EXERCISE INSTRUCTIONS
Your task is to give the listing below back word for word, pictures excluded.

DATA IN THIS EXERCISE
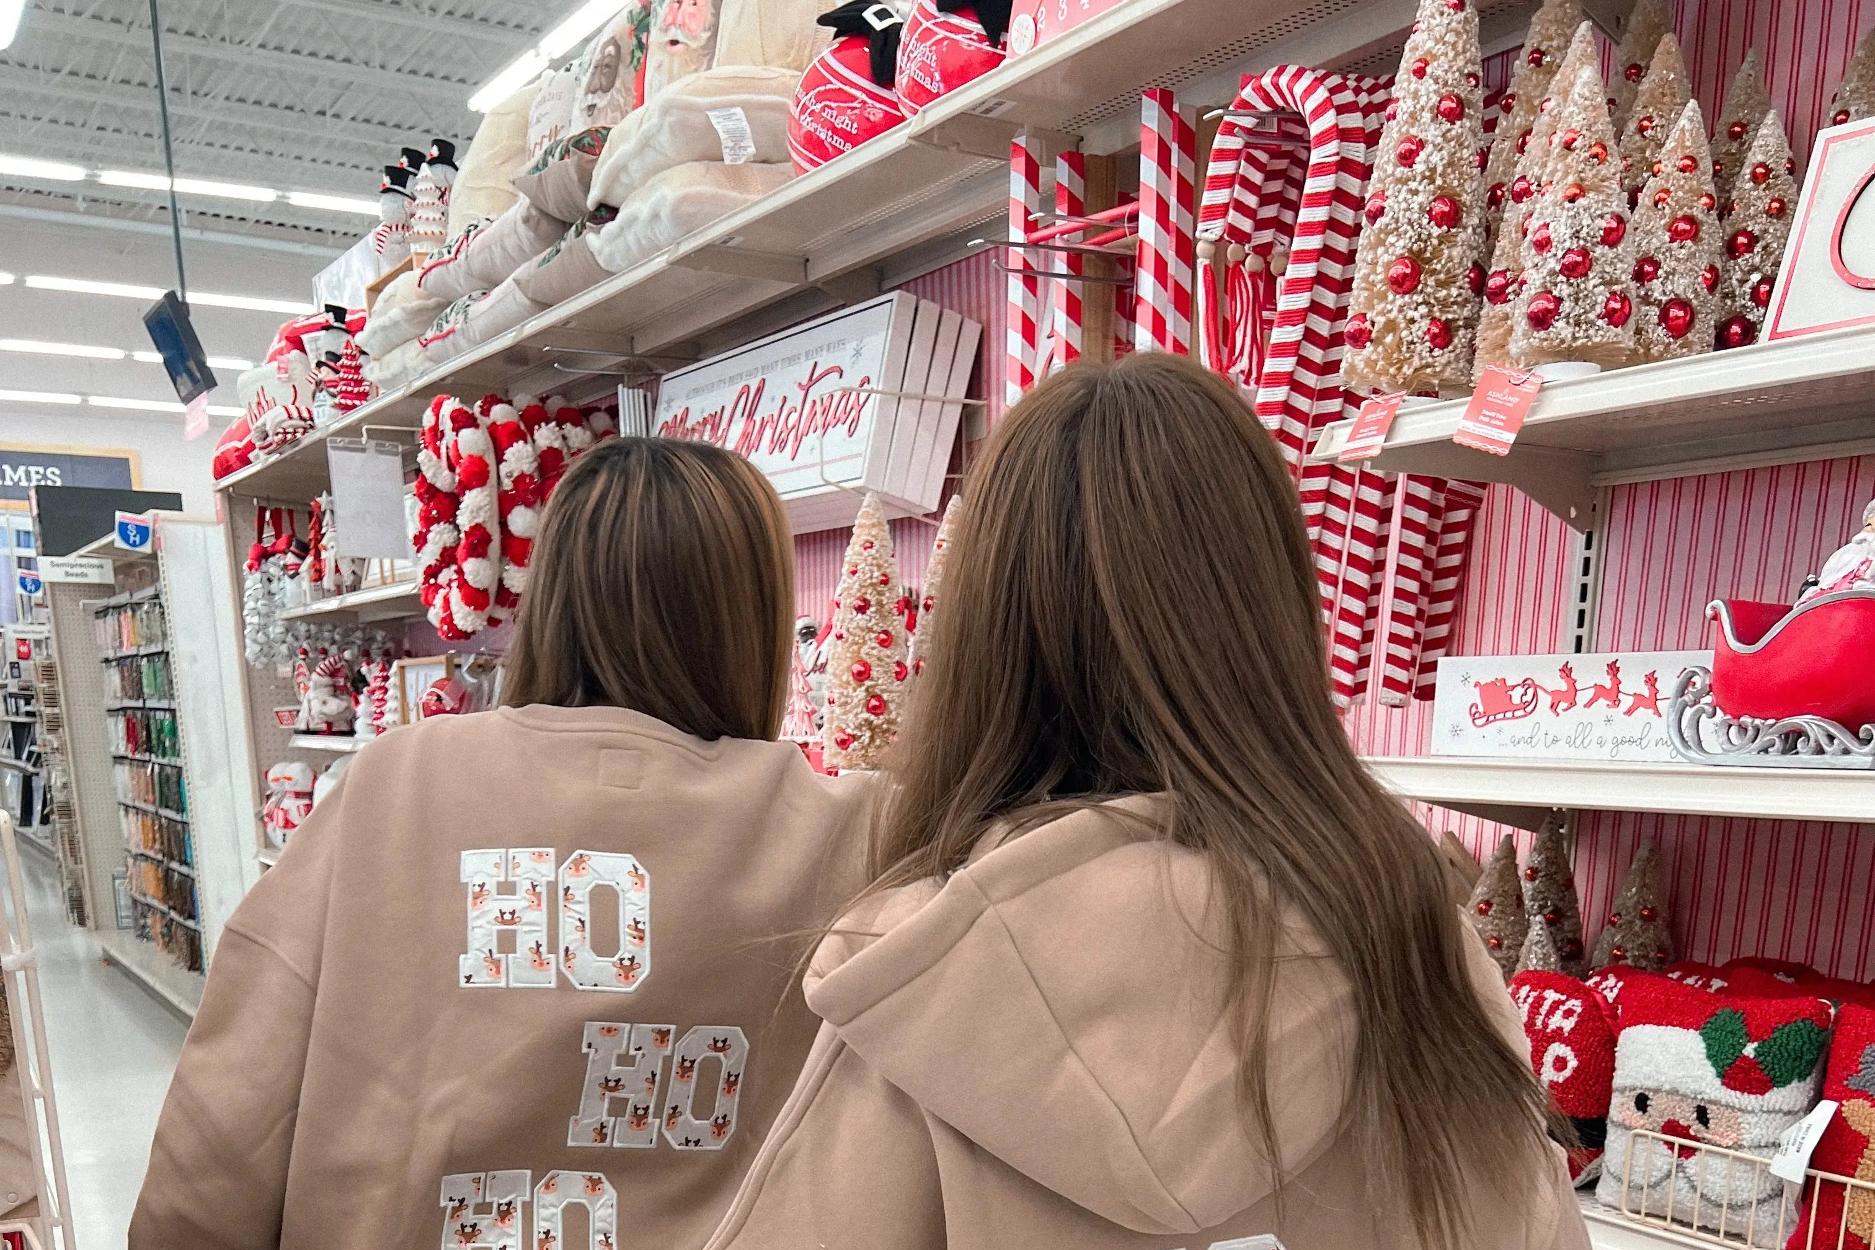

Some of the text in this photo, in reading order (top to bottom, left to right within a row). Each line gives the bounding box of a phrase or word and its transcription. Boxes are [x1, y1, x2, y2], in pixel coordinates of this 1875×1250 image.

[821, 107, 859, 135] night
[722, 360, 871, 462] Christmas
[0, 463, 63, 487] MES
[1544, 729, 1562, 749] to
[1565, 722, 1593, 749] all
[1596, 735, 1607, 748] a
[1609, 722, 1652, 759] good
[459, 847, 652, 993] HO
[567, 1021, 751, 1151] HO

EXERCISE RESPONSE
Some of the text in this photo, in reading order (top to bottom, left to right within a row). Each line gives the bounding box of a phrase or word and its transcription. Boxes are [x1, y1, x2, y2], in pixel coordinates of this 1875×1250 image.

[821, 107, 859, 135] night
[722, 360, 871, 462] Christmas
[0, 463, 63, 487] MES
[1544, 729, 1562, 749] to
[1565, 722, 1593, 749] all
[1596, 735, 1607, 748] a
[1609, 722, 1652, 759] good
[459, 847, 652, 993] HO
[567, 1021, 751, 1151] HO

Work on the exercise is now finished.